● **Recorded data**:

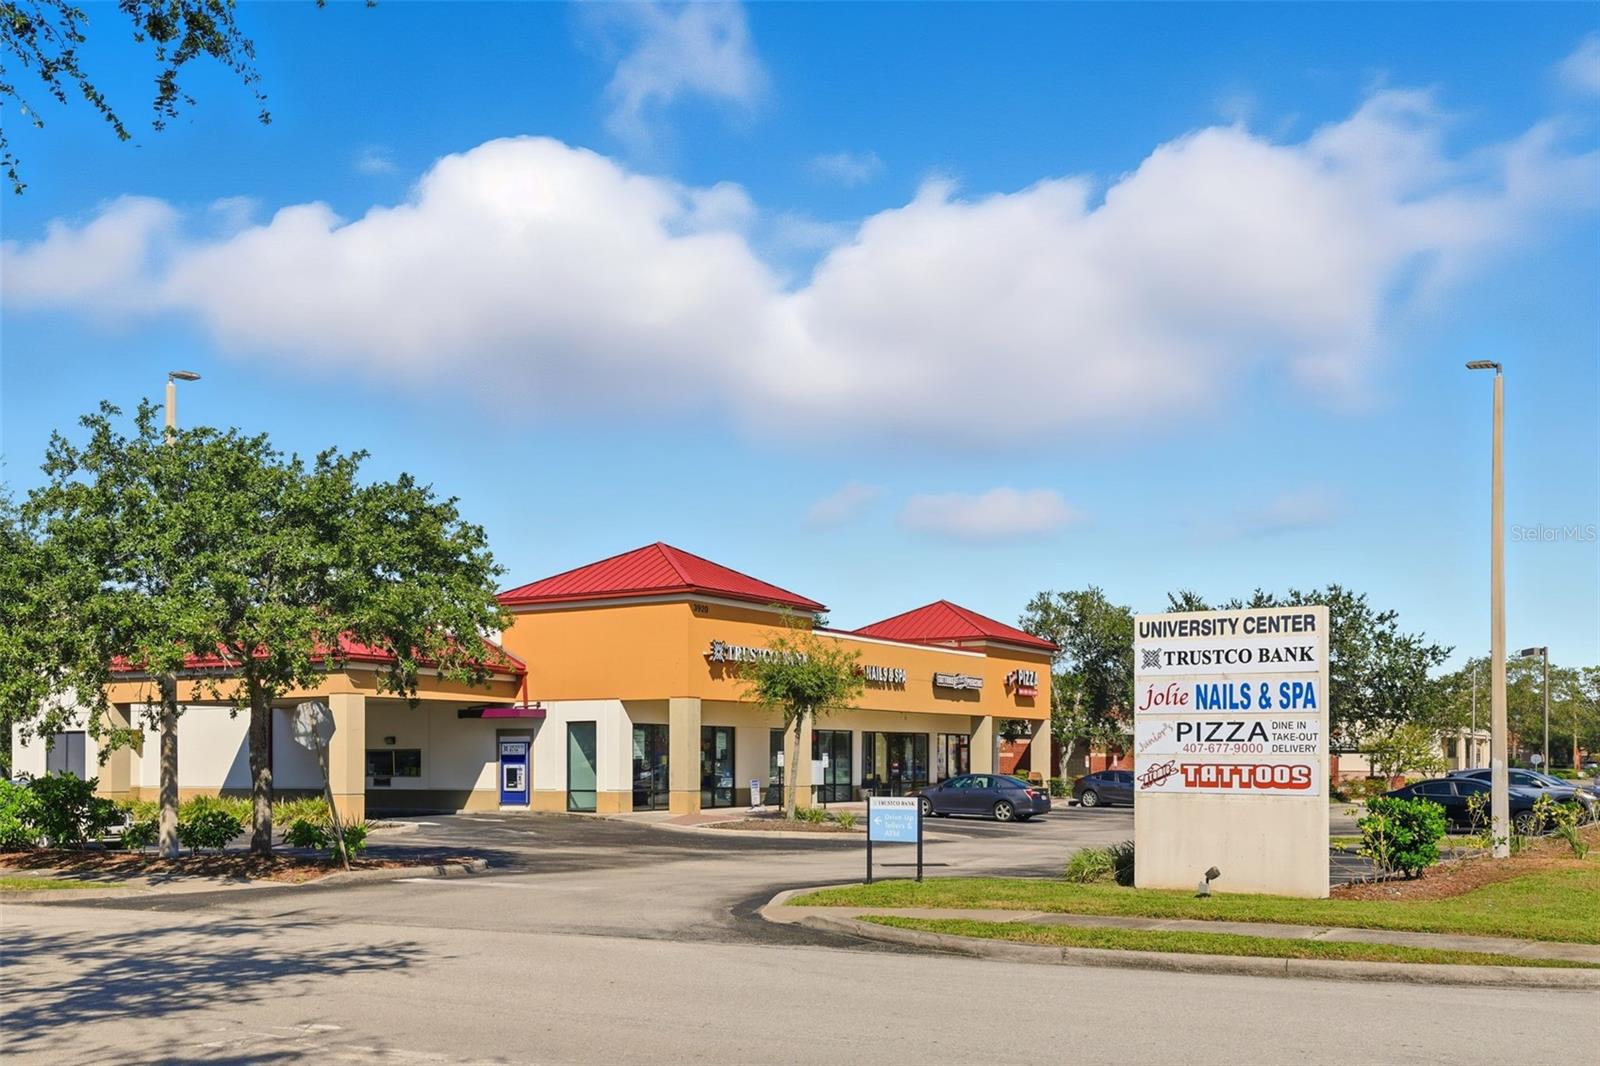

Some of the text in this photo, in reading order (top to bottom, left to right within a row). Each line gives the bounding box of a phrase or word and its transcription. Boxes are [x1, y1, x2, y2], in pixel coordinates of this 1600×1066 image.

[1139, 614, 1316, 639] UNIVERSITY CENTER
[1164, 645, 1314, 667] TRUSTCO BANK
[865, 665, 888, 682] NAILS
[1139, 681, 1317, 711] jolie NAILS & SPA
[1272, 721, 1307, 730] DINE IN
[1139, 721, 1269, 753] Junior's PIZZA
[1272, 732, 1319, 742] TAKE-OUT
[1183, 743, 1264, 754] 407-677-9000
[1272, 744, 1317, 753] DELIVERY
[1181, 763, 1312, 790] TATTOOS
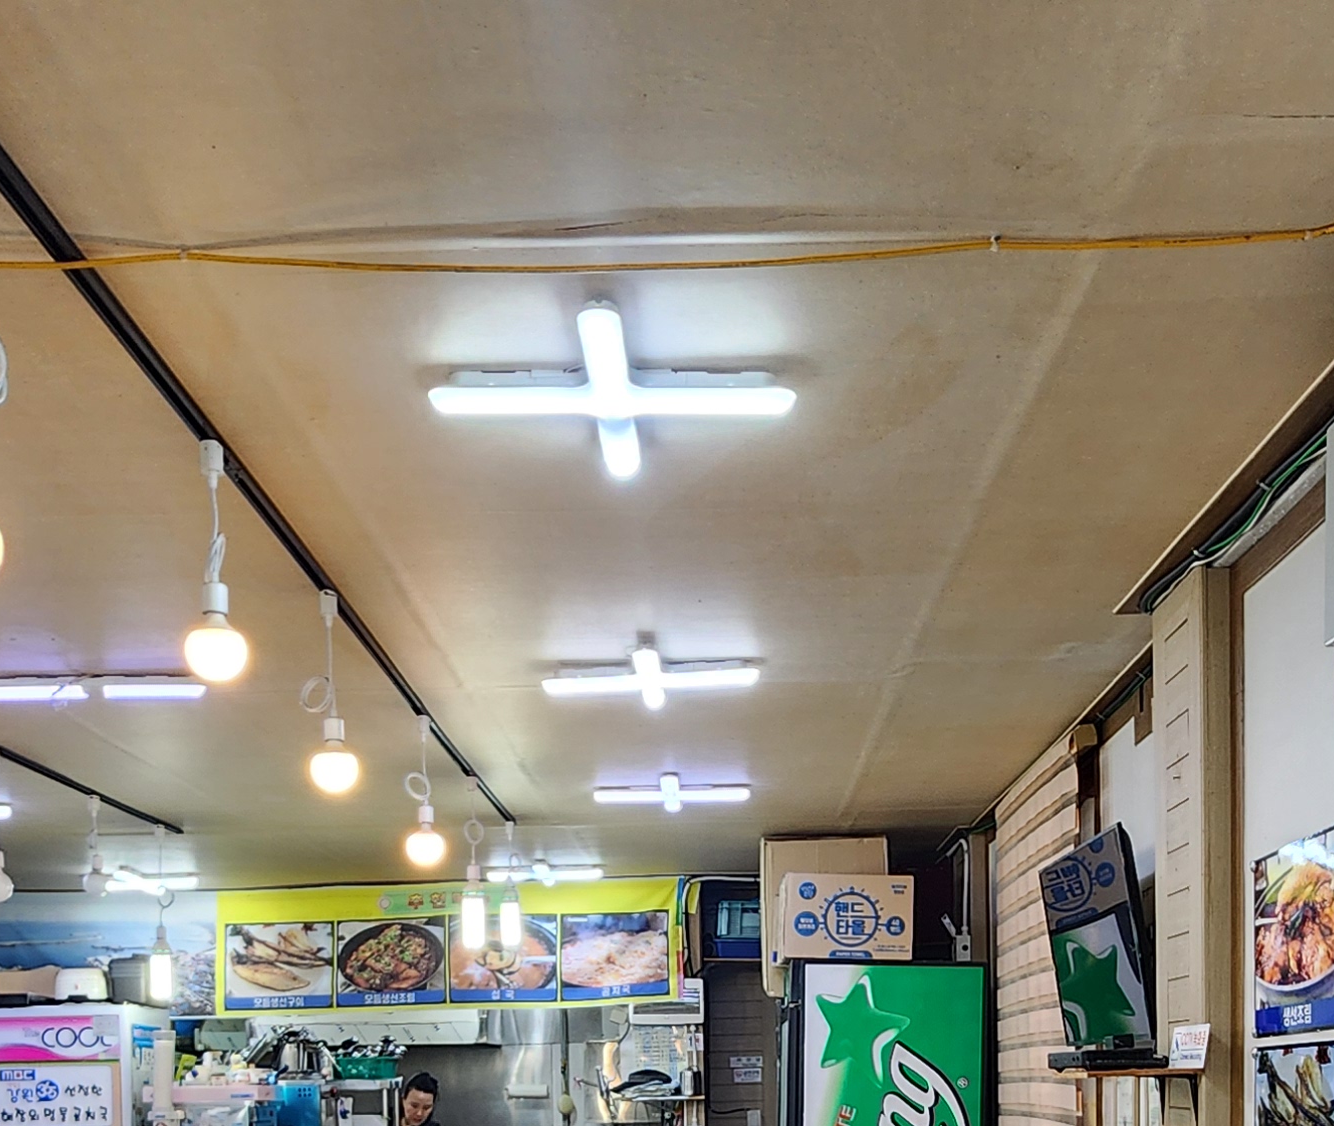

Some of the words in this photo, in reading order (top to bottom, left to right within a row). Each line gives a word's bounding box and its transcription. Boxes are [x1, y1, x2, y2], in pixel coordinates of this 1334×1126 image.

[834, 901, 871, 918] 핸드
[835, 919, 872, 936] 타올
[1283, 1003, 1312, 1027] 생선조림
[0, 1070, 35, 1081] MBC
[7, 1088, 33, 1103] 강원
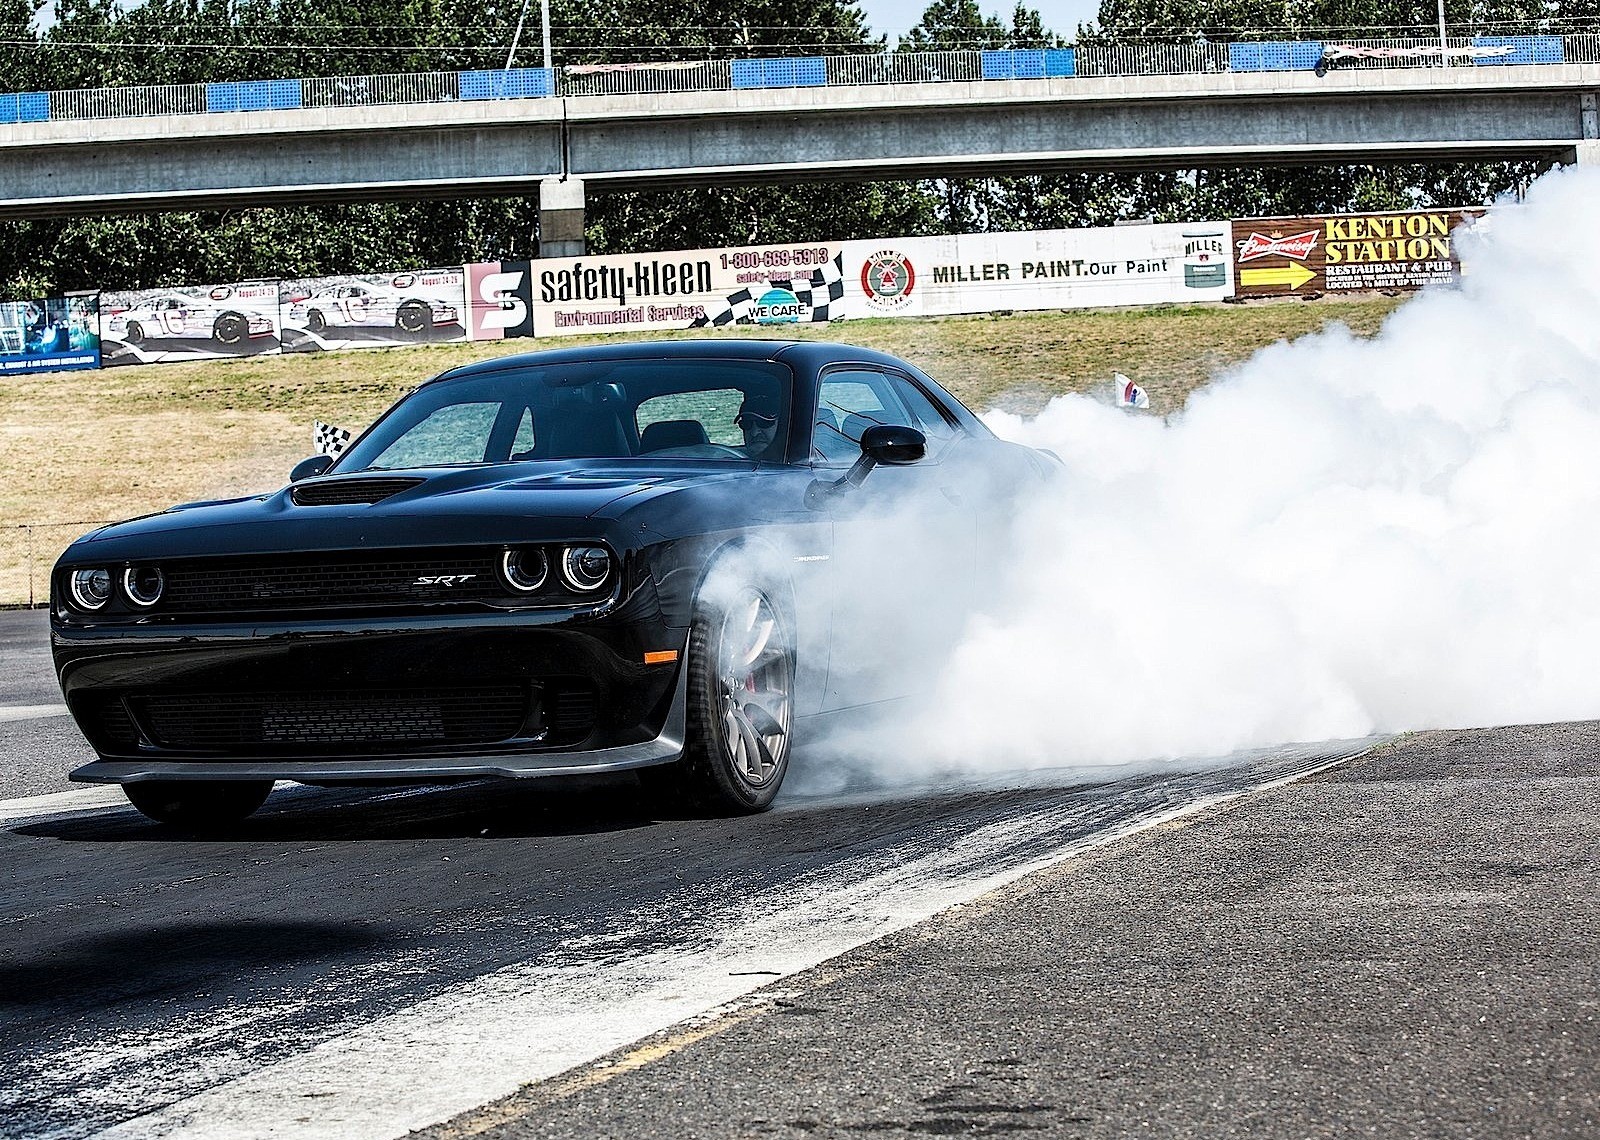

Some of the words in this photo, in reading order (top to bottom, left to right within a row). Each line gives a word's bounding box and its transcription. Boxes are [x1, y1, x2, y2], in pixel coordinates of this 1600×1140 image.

[1324, 214, 1449, 241] KENTON
[720, 248, 829, 269] 1-800-669-5913
[1325, 237, 1451, 264] STATION
[933, 264, 1010, 283] MILLER
[1090, 262, 1117, 275] Our
[1126, 260, 1168, 273] Paint
[1325, 263, 1408, 275] RESTAURANT
[1411, 262, 1422, 273] &
[1425, 261, 1453, 272] PUB
[422, 277, 441, 286] August
[541, 261, 712, 306] safety-kleen
[1325, 281, 1363, 289] LOCATED
[1374, 279, 1395, 287] MILE
[239, 290, 257, 298] August
[337, 298, 367, 322] 16
[555, 306, 644, 327] Environmental
[647, 304, 704, 322] Services
[748, 306, 768, 317] WE
[771, 304, 808, 316] CARE.
[155, 310, 185, 334] 16
[413, 575, 476, 586] SRT

● **Try it**: A verbatim reproduction of each entry is expected, with every picture omitted.

● **Exercise response**:
Some of the text in this photo, in reading order (top to bottom, left to right within a row). Each line gives the bounding box of a phrase or word and its transcription. Boxes are [x1, y1, x2, y2], in pixel coordinates of this 1600×1066 image.

[1139, 614, 1316, 639] UNIVERSITY CENTER
[1164, 645, 1314, 667] TRUSTCO BANK
[865, 665, 888, 682] NAILS
[1139, 681, 1317, 711] jolie NAILS & SPA
[1272, 721, 1307, 730] DINE IN
[1139, 721, 1269, 753] Junior's PIZZA
[1272, 732, 1319, 742] TAKE-OUT
[1183, 743, 1264, 754] 407-677-9000
[1272, 744, 1317, 753] DELIVERY
[1181, 763, 1312, 790] TATTOOS

Some of the words in this photo, in reading order (top to bottom, left to right within a row). Each line gives a word's bounding box and its transcription. Boxes are [x1, y1, x2, y2], in pixel coordinates of this 1334×1126 image.

[834, 901, 871, 918] 핸드
[835, 919, 872, 936] 타올
[1283, 1003, 1312, 1027] 생선조림
[0, 1070, 35, 1081] MBC
[7, 1088, 33, 1103] 강원

Some of the words in this photo, in reading order (top to bottom, left to right within a row). Each line gives a word's bounding box and its transcription. Boxes are [x1, y1, x2, y2], in pixel coordinates of this 1600×1140 image.

[1324, 214, 1449, 241] KENTON
[720, 248, 829, 269] 1-800-669-5913
[1325, 237, 1451, 264] STATION
[933, 264, 1010, 283] MILLER
[1090, 262, 1117, 275] Our
[1126, 260, 1168, 273] Paint
[1325, 263, 1408, 275] RESTAURANT
[1411, 262, 1422, 273] &
[1425, 261, 1453, 272] PUB
[422, 277, 441, 286] August
[541, 261, 712, 306] safety-kleen
[1325, 281, 1363, 289] LOCATED
[1374, 279, 1395, 287] MILE
[239, 290, 257, 298] August
[337, 298, 367, 322] 16
[555, 306, 644, 327] Environmental
[647, 304, 704, 322] Services
[748, 306, 768, 317] WE
[771, 304, 808, 316] CARE.
[155, 310, 185, 334] 16
[413, 575, 476, 586] SRT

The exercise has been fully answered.